Spatial localization data
***

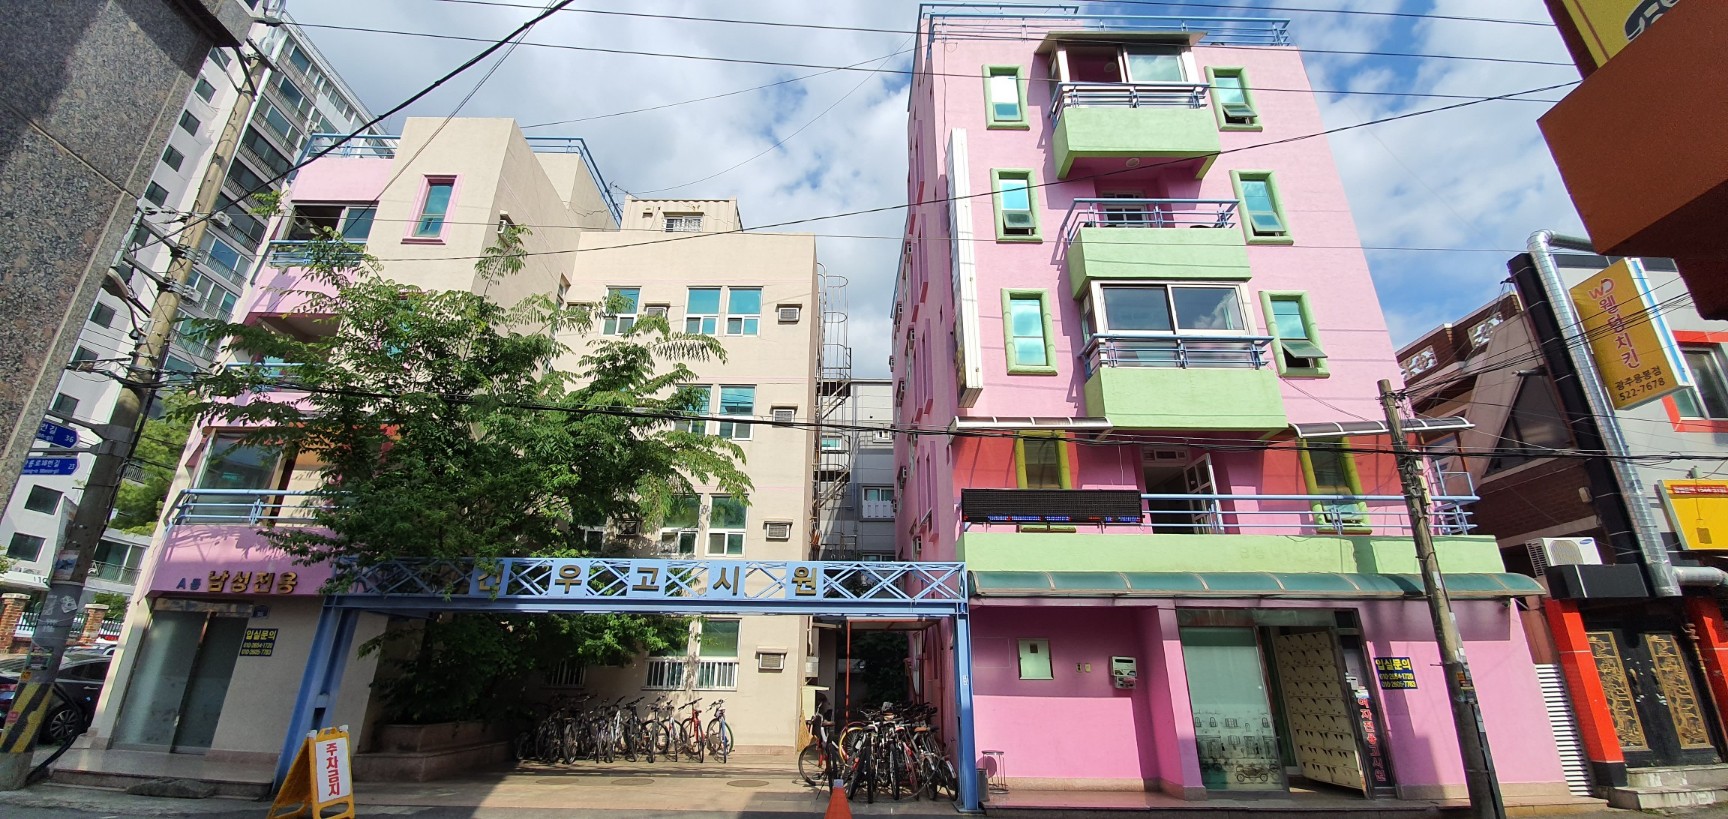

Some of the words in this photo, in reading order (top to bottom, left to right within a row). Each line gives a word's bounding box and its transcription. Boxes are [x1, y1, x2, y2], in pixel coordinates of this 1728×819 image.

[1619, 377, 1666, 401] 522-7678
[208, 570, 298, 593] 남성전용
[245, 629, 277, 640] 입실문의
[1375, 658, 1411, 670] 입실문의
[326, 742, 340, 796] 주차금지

***

• WHAT YOU NEED TO DO: Output all data exactly, omitting images.

• SOLUTION FOR THIS TASK:
Some of the words in this photo, in reading order (top to bottom, left to right within a row). Each line gives a word's bounding box and its transcription. Boxes are [x1, y1, x2, y2], in pixel coordinates of this 1728×819 image.

[1619, 377, 1666, 401] 522-7678
[208, 570, 298, 593] 남성전용
[245, 629, 277, 640] 입실문의
[1375, 658, 1411, 670] 입실문의
[326, 742, 340, 796] 주차금지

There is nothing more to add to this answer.